Ob der enorme Druck auf China, der durch den „neuen Kalten Krieg“ der USA gegen das Land noch einmal erhöht wird, zu Zugeständnissen gegenüber der EU führt, wird sich spätestens bei der nächsten Verhandlungsrunde zeigen, die am 21. September beginnen soll.
„In diesen unbeständigen Zeiten brauchen China und Europa einander mehr als je zuvor“, kommentiert Xin Hua, Vizedirektor für EU-Studien an der Shanghai International Studies University in der parteinahen Zeitung „Global Times“. Die schiere Größe der zwei Märkte könnten Unternehmen beider Seiten nicht vernachlässigen. Auch müssten sie als „respektierte Partner“ die globale Ordnung aufrechterhalten, die durch den wirtschaftlichen Nationalismus und Protektionismus der USA schrittweise auseinandergenommen werde. Es gebe „großes Potenzial“ für die Kooperation, umwarb der Autor die Europäer.

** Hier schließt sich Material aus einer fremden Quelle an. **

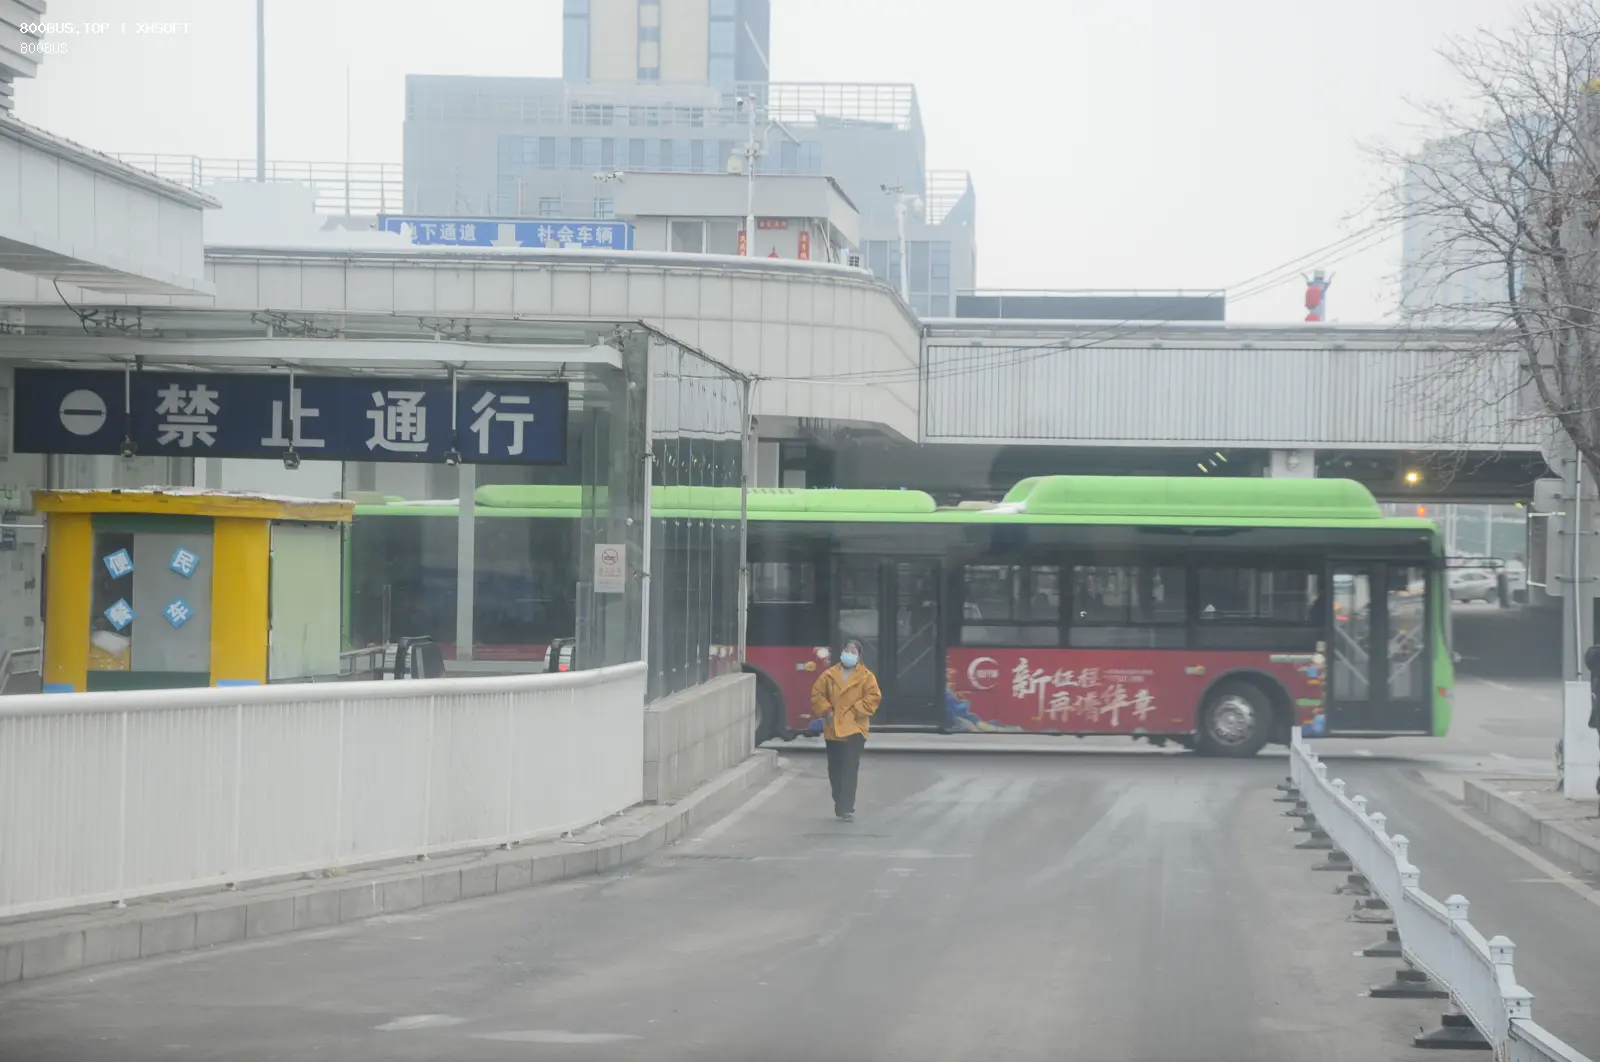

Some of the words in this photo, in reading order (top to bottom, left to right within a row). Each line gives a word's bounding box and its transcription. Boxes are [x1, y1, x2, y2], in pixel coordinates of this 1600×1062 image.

[537, 225, 613, 244] 社会车辆
[154, 383, 535, 456] 禁止通行

Aber für die in China tätigen europäischen Unternehmen wird es immer schwieriger. „Wir werden immer stärker mit politischen Entwicklungen konfrontiert“, sagt der Präsident der EU-Handelskammer in China, Jörg Wuttke. Er verweist nicht nur auf den Handelskrieg, sondern auch auf die Kritik am Umgang mit den Uiguren oder den Tibetern. „Wir stecken nicht nur in China in einer heiklen Lage, sondern auch an der Heimatfront“, sagte Wuttke. „Wir müssen uns rechtfertigen, warum wir in China tätig sind, obwohl das Marktpotenzial es erfordert.“
Ein Blick auf die Zahlen zeigt, was er meint. Im vergangenen Jahr wurden zwischen beiden Seiten täglich Waren im Wert von durchschnittlich 1,5 Milliarden Euro gehandelt. Für die EU ist China mittlerweile der zweitwichtigste Handelspartner nach den USA - für China ist die EU sogar der wichtigste Handelspartner.